With the current values I can see that it works as expected, the first (and second) break happens with time limitation and the logger confirms that the token is written. On a third run I can see that all files have been dumped.
var SOURCE_PARENT_FOLDER_ID = '0B3qSFd3iikE3MS0yMzU4YjQ4NC04NjQxLTQyYmEtYTExNC1lMWVhNTZiMjlhMmI'
var MAX_RUNNING_TIME = 5*35*6;
function launchProcess() {
var scriptProperties = PropertiesService.getScriptProperties();
scriptProperties.setProperty('SOURCE_PARENT_FOLDER_KEY', SOURCE_PARENT_FOLDER_ID);
scriptProperties.setProperty('counter', 0);
scriptProperties.deleteProperty('CONTINUATION_TOKEN_KEY');
ScriptApp.newTrigger('continueProcess').timeBased().everyMinutes(10).create();
continueProcess();
}
function continueProcess() {
var startTime = (new Date()).getTime();
var scriptProperties = PropertiesService.getScriptProperties();
var srcParentFolderId = scriptProperties.getProperty('SOURCE_PARENT_FOLDER_KEY');
var continuationToken = scriptProperties.getProperty('CONTINUATION_TOKEN_KEY');
var iterator = continuationToken == null ? DriveApp.getFolderById(srcParentFolderId).getFiles() : DriveApp.continueFileIterator(continuationToken);
var timeLimitIsNear = false;
var currTime;
var counter = Number(scriptProperties.getProperty('counter'));
while (iterator.hasNext() && !timeLimitIsNear) {
var file = iterator.next();
counter++;
Logger.log(counter+' - '+file.getName());
currTime = (new Date()).getTime();
timeLimitIsNear = (currTime - startTime >= MAX_RUNNING_TIME);
if (!iterator.hasNext()) {
scriptProperties.deleteProperty('CONTINUATION_TOKEN_KEY');
ScriptApp.deleteTrigger(ScriptApp.getProjectTriggers()[0]);
Logger.log('******************no more files**************');
break;
}
}
if(timeLimitIsNear){
var contToken = iterator.getContinuationToken();
scriptProperties.setProperty('CONTINUATION_TOKEN_KEY', contToken);
scriptProperties.setProperty('counter', counter);
Logger.log('write to scriptProperties');
}
}
As of January 1, 2016 this is still a problem. The bug report lists a solution using the Advanced Drive API, which is documented here, under "Listing folders".
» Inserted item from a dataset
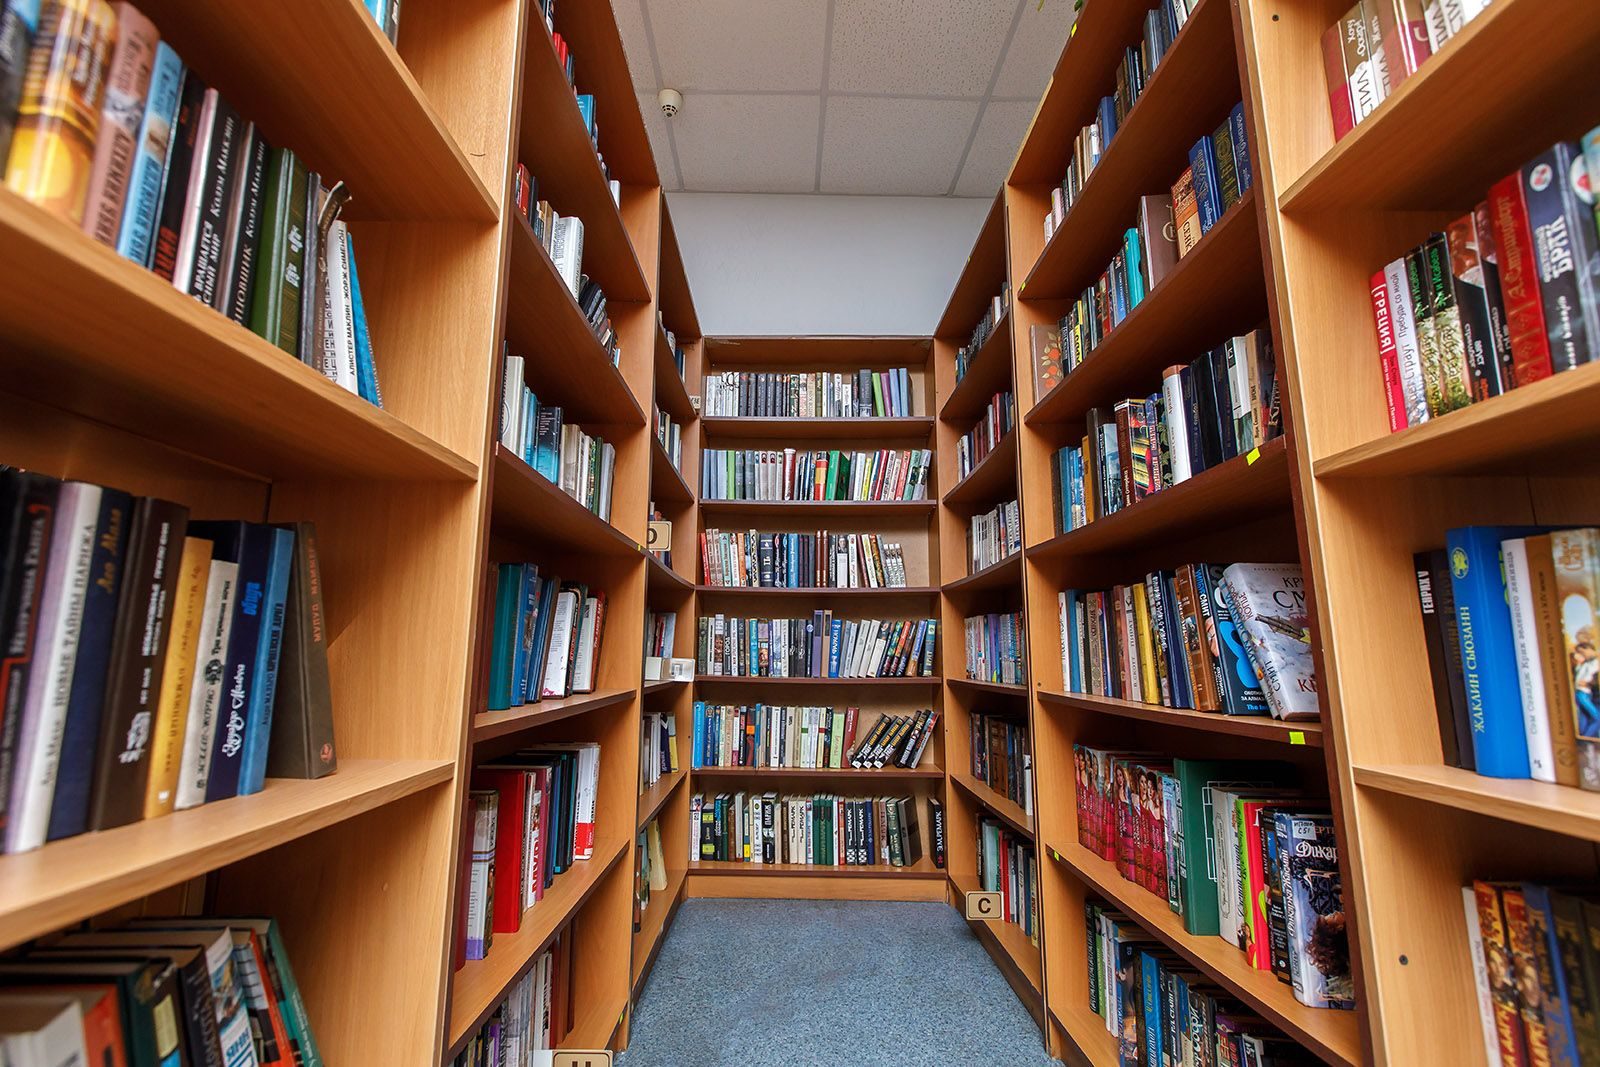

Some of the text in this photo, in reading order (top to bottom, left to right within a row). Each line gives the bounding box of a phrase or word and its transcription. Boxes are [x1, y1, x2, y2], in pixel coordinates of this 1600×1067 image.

If you don't want to use Advanced services, an alternative solution would be to use the Folder Iterator to make an array of File Ids.
It appears to me that the Folder Iterator misbehaves only when created using DriveApp.continueFolderIterator(). When using this method, only 100 Folders are included in the returned Folder Iterator.
Using DriveApp.getFolders() and only getting Folder Ids, I am able to iterate through 694 folders in 2.734 seconds, according the Execution transcript.
function allFolderIds() {
var folders = DriveApp.getFolders(),
ids = [];
while (folders.hasNext()) {
var id = folders.next().getId();
ids.push(id);
}
Logger.log('Total folders: %s', ids.length);
return ids;
}
I used the returned array to work my way through all the folders, using a trigger. The Id array is too big to save in the cache, so I created a temp file and used the cache to save the temp file Id.
This is caused by a bug in GAS:
https://code.google.com/p/google-apps-script-issues/issues/detail?id=4116
It appears you're only storing a single continuation token. If you want to recursively iterate over a set of folders and allow the script to pause at any point (e.g. to avoid the timeout) and resume later, you'll need to store a bunch more continuation tokens (e.g. in an array of objects).
I've outlined a template that you can use here to get it working properly. This worked with thousands of nested files over the course of 30+ runs perfectly.